ORT Photograph Collection
This collection consists of photographs and negatives of World ORT conferences and congresses, various individuals connected with ORT, and ORT vocational programs and activities, including in Displaced Person’s camps, in Europe, Asia, the Middle East, Africa, Cuba, and North and South America.
Papers of Benjamin Eichler
Benjamin Eichler was a rabbi and leader of the Jewish community in Bratislava, Slovakia. This collection includes Rabbi Eichler’s memoirs and some of his personal papers, as well as materials he collected documenting Jewish life in Slovakia. Notable among these is the pinkas (community record book) of Liptovsky Mikulas, also known as Liptau, and the records of cemeteries and mass graves in Slovakia.
Papers of Genia Silkes
Genia Silkes, a teacher in pre-war Poland, dedicated her postwar career to the history of the Holocaust. The testimonies of Polish Holocaust survivors, of which there are 64 from children and 9 from adults, have great historical value. Also included are her research notes, records of her speaking engagements, and personal letters and photographs.

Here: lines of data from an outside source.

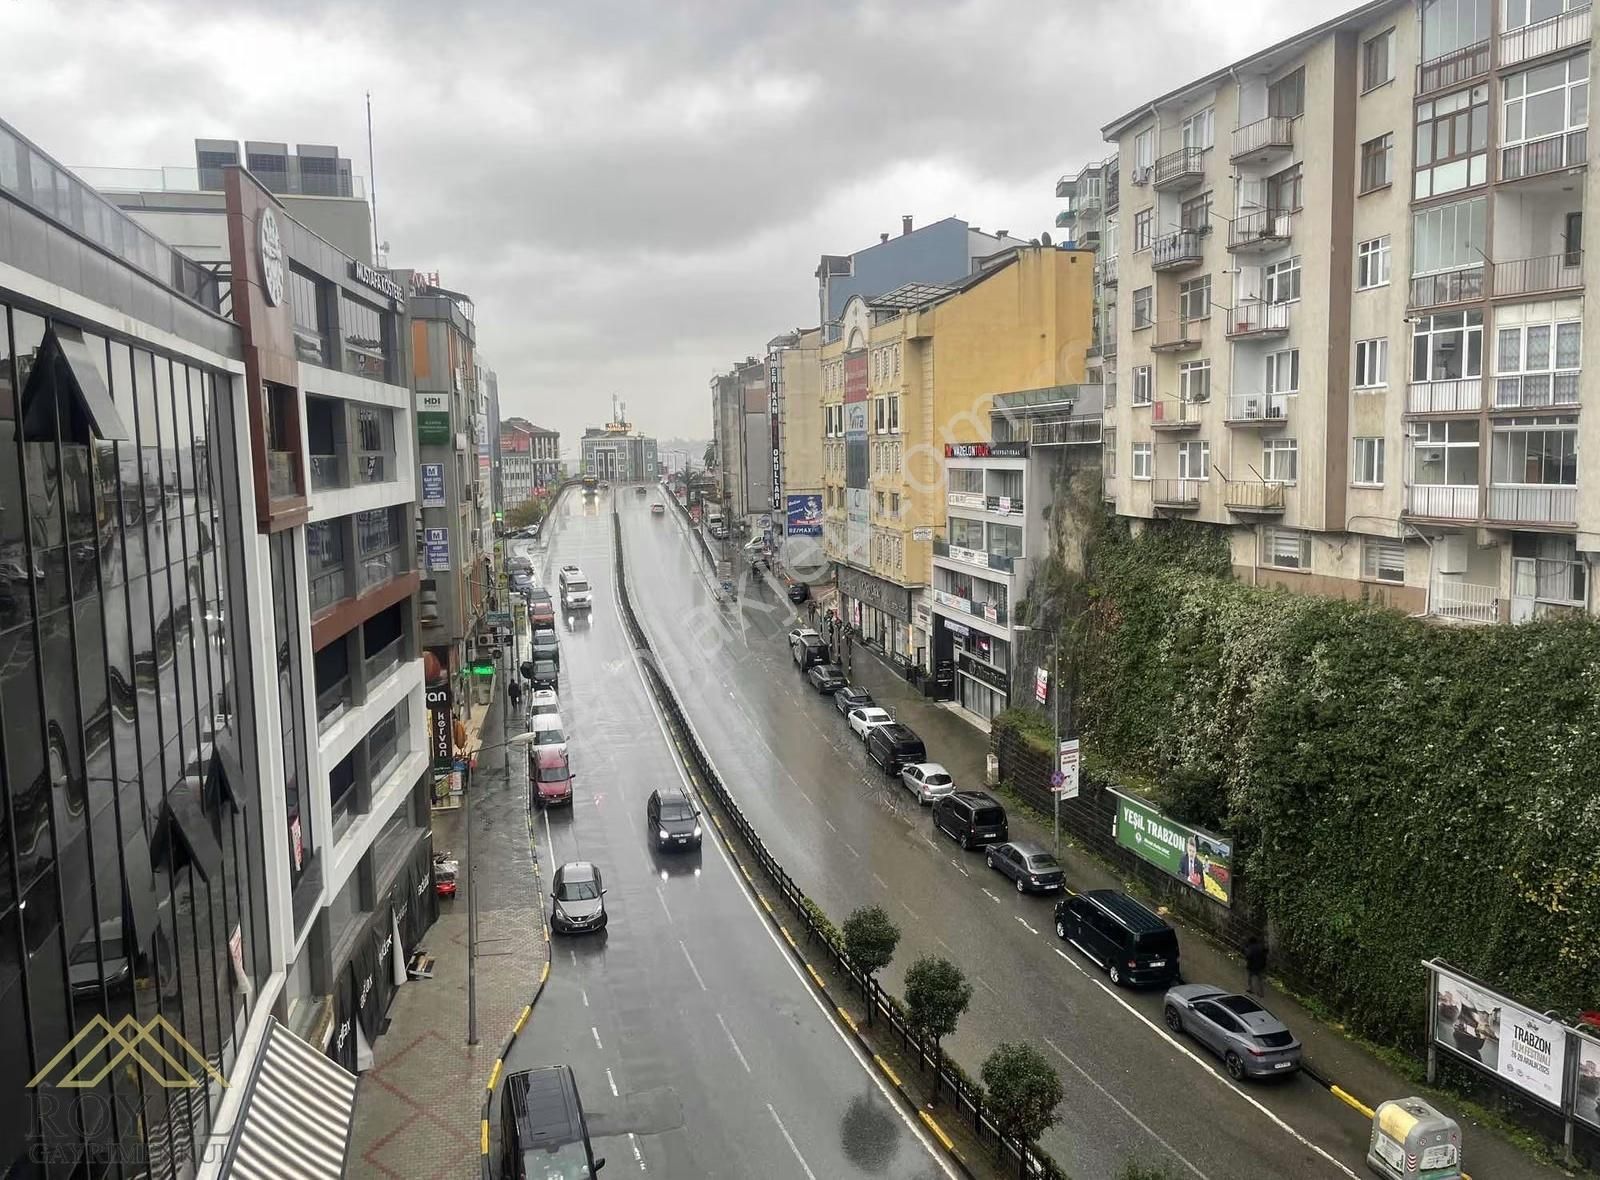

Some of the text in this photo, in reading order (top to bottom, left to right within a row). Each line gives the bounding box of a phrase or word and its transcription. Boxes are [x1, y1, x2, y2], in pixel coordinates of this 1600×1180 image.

[424, 397, 441, 405] HDI
[437, 711, 447, 757] kervan
[1147, 819, 1186, 851] TRABZON
[1513, 1025, 1551, 1056] TRABZON
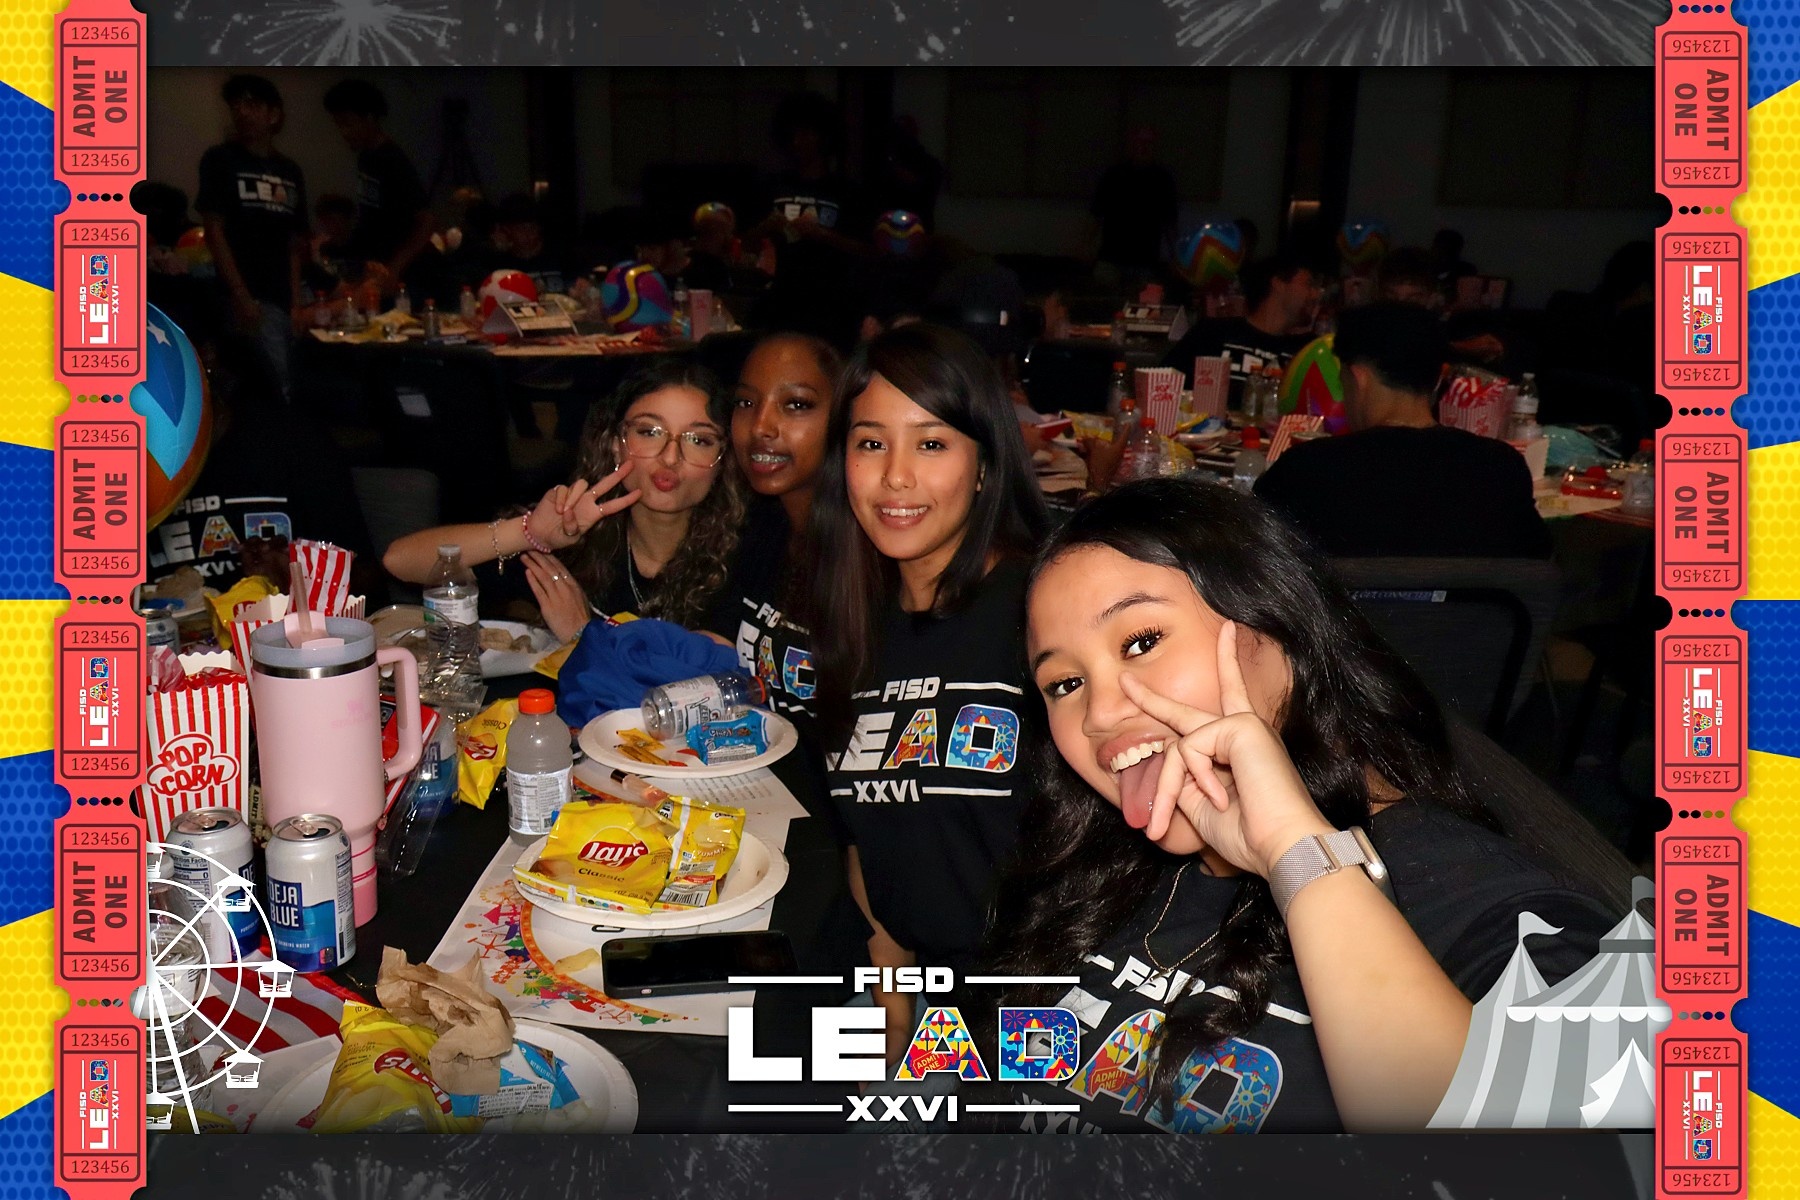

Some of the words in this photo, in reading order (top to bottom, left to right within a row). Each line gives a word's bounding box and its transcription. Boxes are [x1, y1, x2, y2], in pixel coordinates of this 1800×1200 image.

Papers of Julian (Yehiel) Hirszhaut (1908-1983)
This collection contains the papers of Julian Hirszhaut, a Yiddish journalist and author of several works about the Holocaust in Poland. He collected a great number of historical documents on this topic, including hundreds of eyewitness accounts, which make up an important part of this collection. The materials in this collection relate to Hirszhaut’s important work gathering documents and testimonies of the Holocaust, as well as to his other professional activities as a journalist.